**INFORMATION:**
==*==

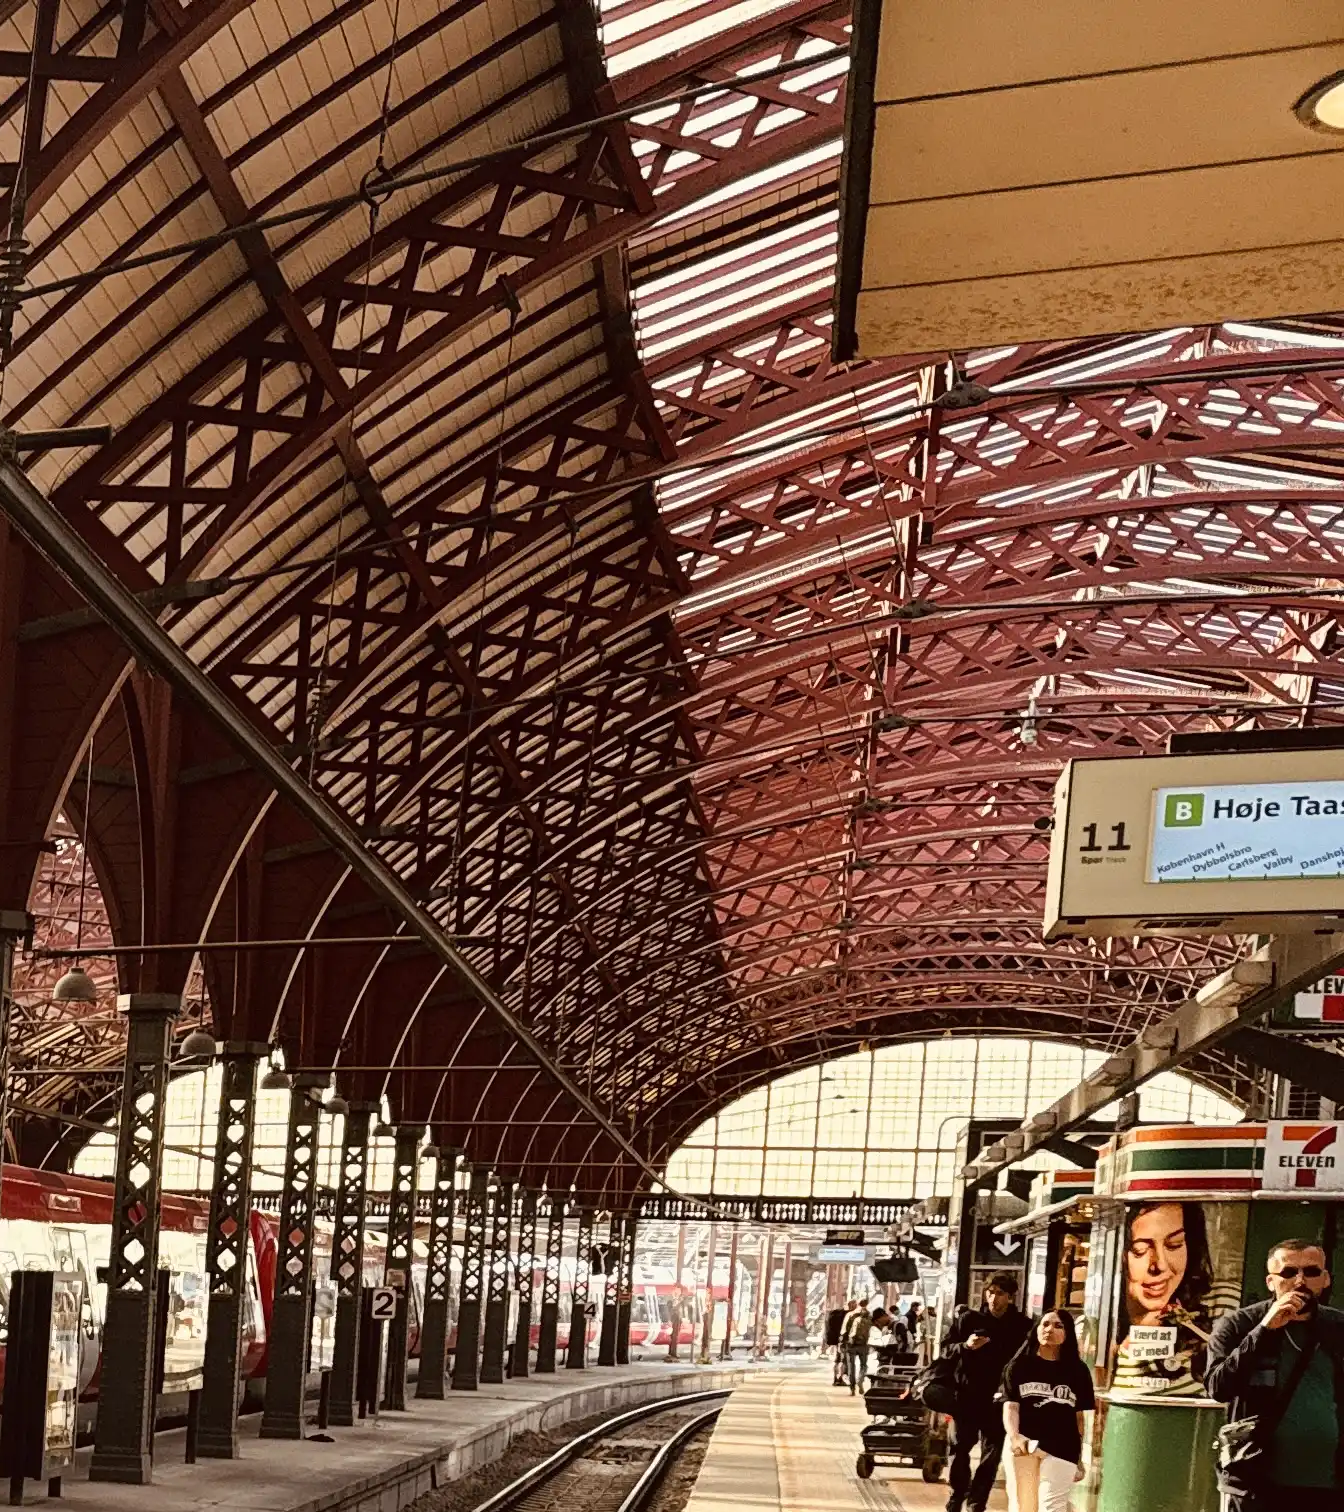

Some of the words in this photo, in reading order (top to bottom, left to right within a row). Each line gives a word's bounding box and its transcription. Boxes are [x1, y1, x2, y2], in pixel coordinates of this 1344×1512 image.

[1175, 801, 1192, 820] B
[1213, 797, 1280, 823] Høje
[1079, 821, 1131, 851] 11
[1156, 847, 1214, 875] København
[1216, 841, 1226, 852] H
[1192, 845, 1252, 873] Dybbølsbro
[1228, 848, 1278, 872] Carlsberg
[1263, 855, 1294, 871] Valby
[1282, 1126, 1338, 1188] 7
[374, 1291, 394, 1316] 2
[584, 1303, 597, 1317] 4
[1159, 1331, 1172, 1341] at
[1145, 1344, 1170, 1357] med

==*==

**PROBLEM REQUIREMENTS:** Every line of the records above must reappear exactly, though the pictures must not.

**SOLUTION FOR THIS TASK:**
Some of the words in this photo, in reading order (top to bottom, left to right within a row). Each line gives a word's bounding box and its transcription. Boxes are [x1, y1, x2, y2], in pixel coordinates of this 1344×1512 image.

[1175, 801, 1192, 820] B
[1213, 797, 1280, 823] Høje
[1079, 821, 1131, 851] 11
[1156, 847, 1214, 875] København
[1216, 841, 1226, 852] H
[1192, 845, 1252, 873] Dybbølsbro
[1228, 848, 1278, 872] Carlsberg
[1263, 855, 1294, 871] Valby
[1282, 1126, 1338, 1188] 7
[374, 1291, 394, 1316] 2
[584, 1303, 597, 1317] 4
[1159, 1331, 1172, 1341] at
[1145, 1344, 1170, 1357] med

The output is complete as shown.